The surge in inflation to its highest annual rate in more than 20 years comes at a difficult time for the Coalition because it has campaigned hard on its claim to be a superior economic manager.

The Coalition is not to blame for the 5.1 per cent annual price increase in the year to the end of March. The jump in inflation is a global phenomenon largely due to the shortages caused by the war in Ukraine and lingering COVID-related supply blockages.

But presiding over the price rise makes it harder for Treasurer Josh Frydenberg to claim that he has delivered long-term prosperity.

As Frydenberg himself said on Wednesday, many Australians are doing it tough and there could be “difficult times” ahead.

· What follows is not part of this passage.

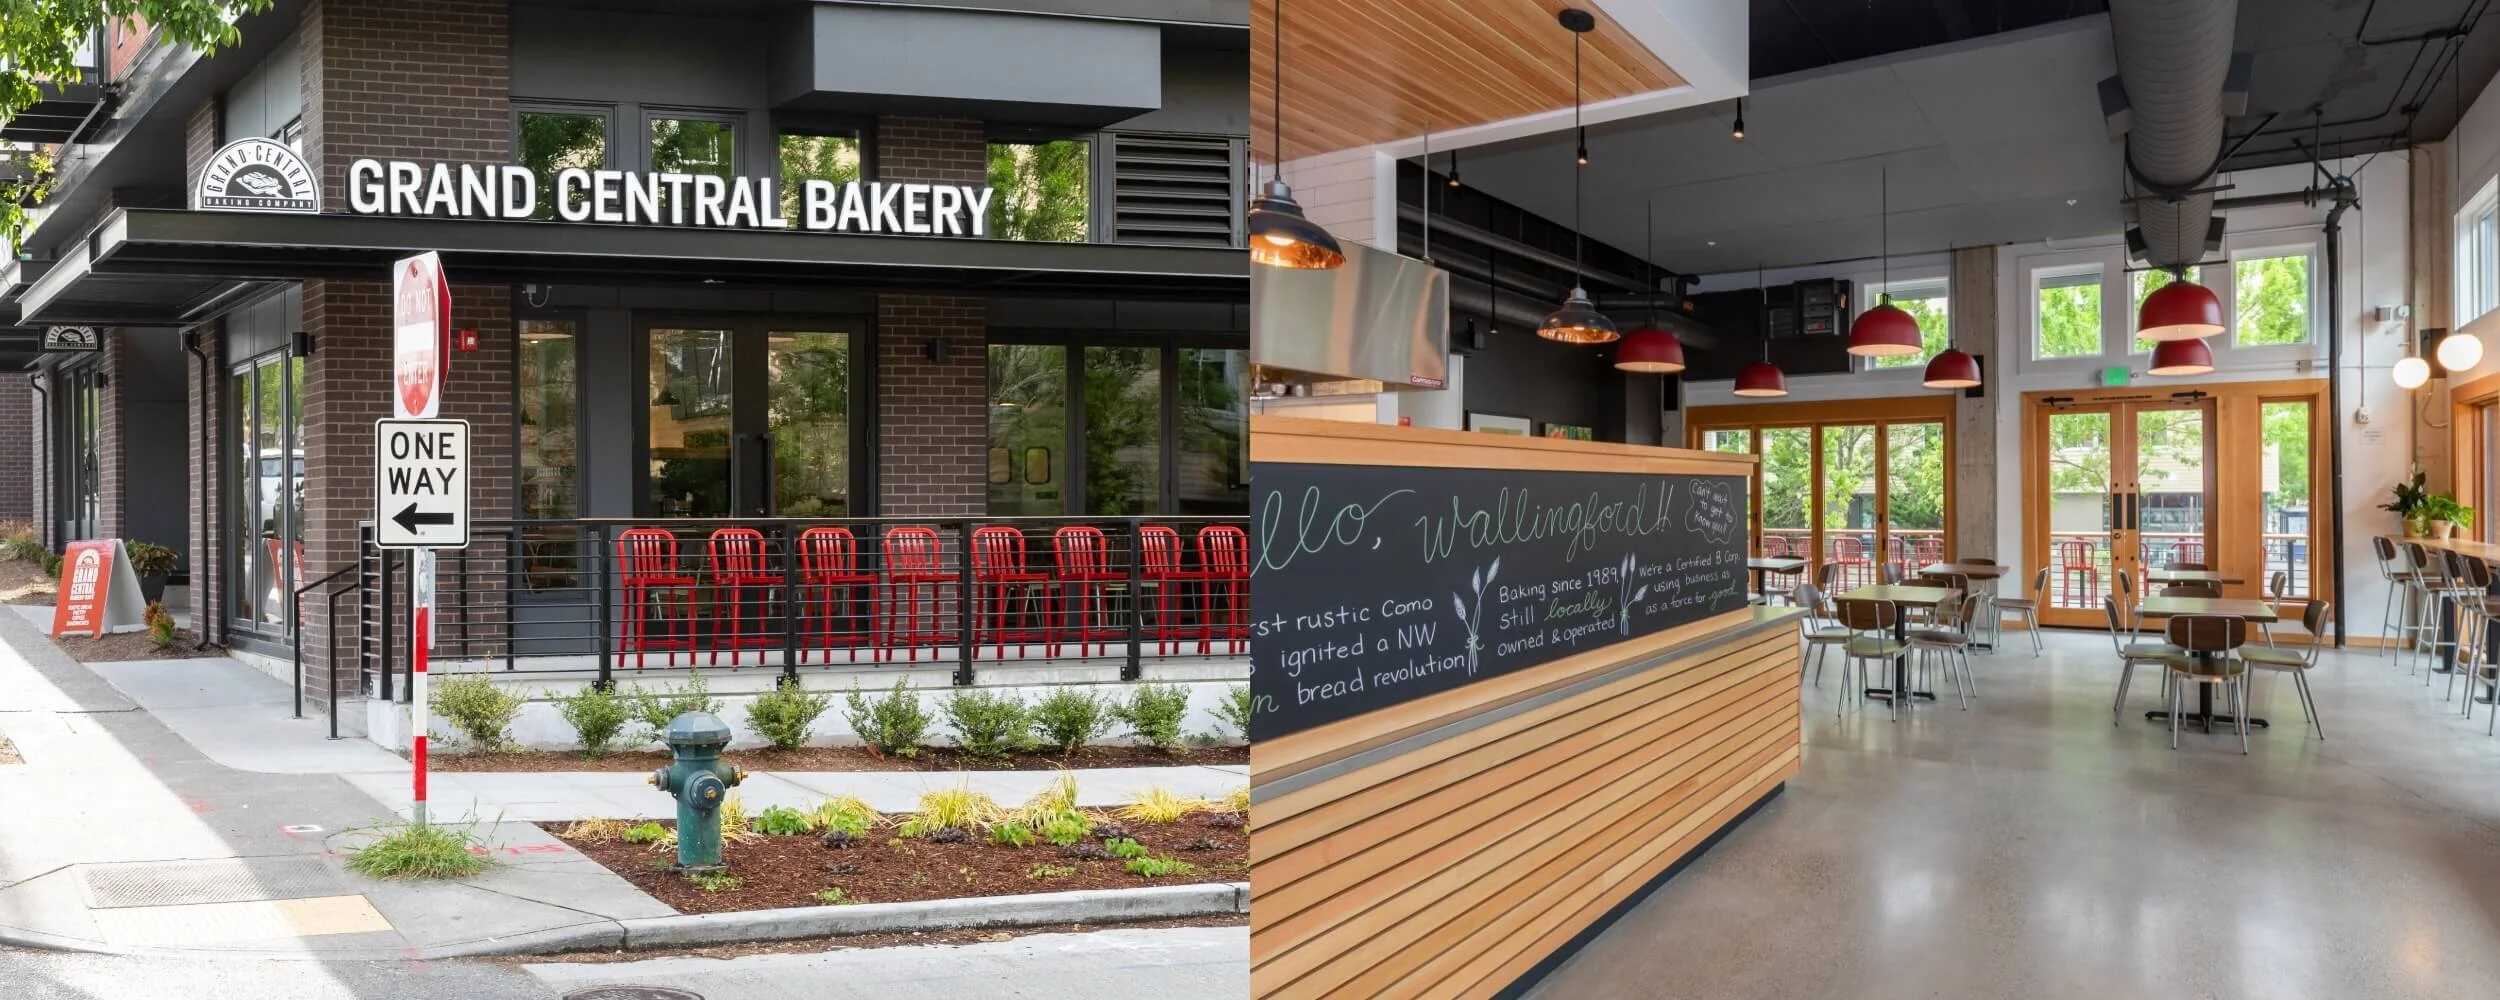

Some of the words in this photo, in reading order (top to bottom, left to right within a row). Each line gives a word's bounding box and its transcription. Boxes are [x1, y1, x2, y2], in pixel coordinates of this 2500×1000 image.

Millions of Australians are now taking a huge pay cut in real terms because their wages are not keeping pace with inflation. The next quarterly wage price index, the best measure of pay packets, won’t be released until after the election, but it is likely to show that wages grew only half the rate of inflation in the year to March.

The Coalition can point to the $250 cash “cost of living” payments announced in the March budget that will start hitting welfare recipients’ bank accounts this week as evidence that it has responded quickly to the pain in people’s hip pockets.

But in light of this bump in inflation the payments now seem too small and, in any case, most wage earners won’t get them.

People with mortgages will be hit again next Tuesday if, as is now possible, the Reserve Bank of Australia raises interest rates.

Again this is not the Coalition’s fault, since the RBA sets rates independently in line with its mission of keeping inflation within its target range of 2 to 3 per cent. It was always to be expected that rates would rise from their historic low after the pandemic.

But the sharp uptick in inflation means rates will have to rise faster than was expected before the latest CPI, making it harder for the RBA to achieve the so-called “soft landing” which brings inflation under control without causing a recession. The Coalition has promised to create jobs but a sudden rise in rates will make that harder.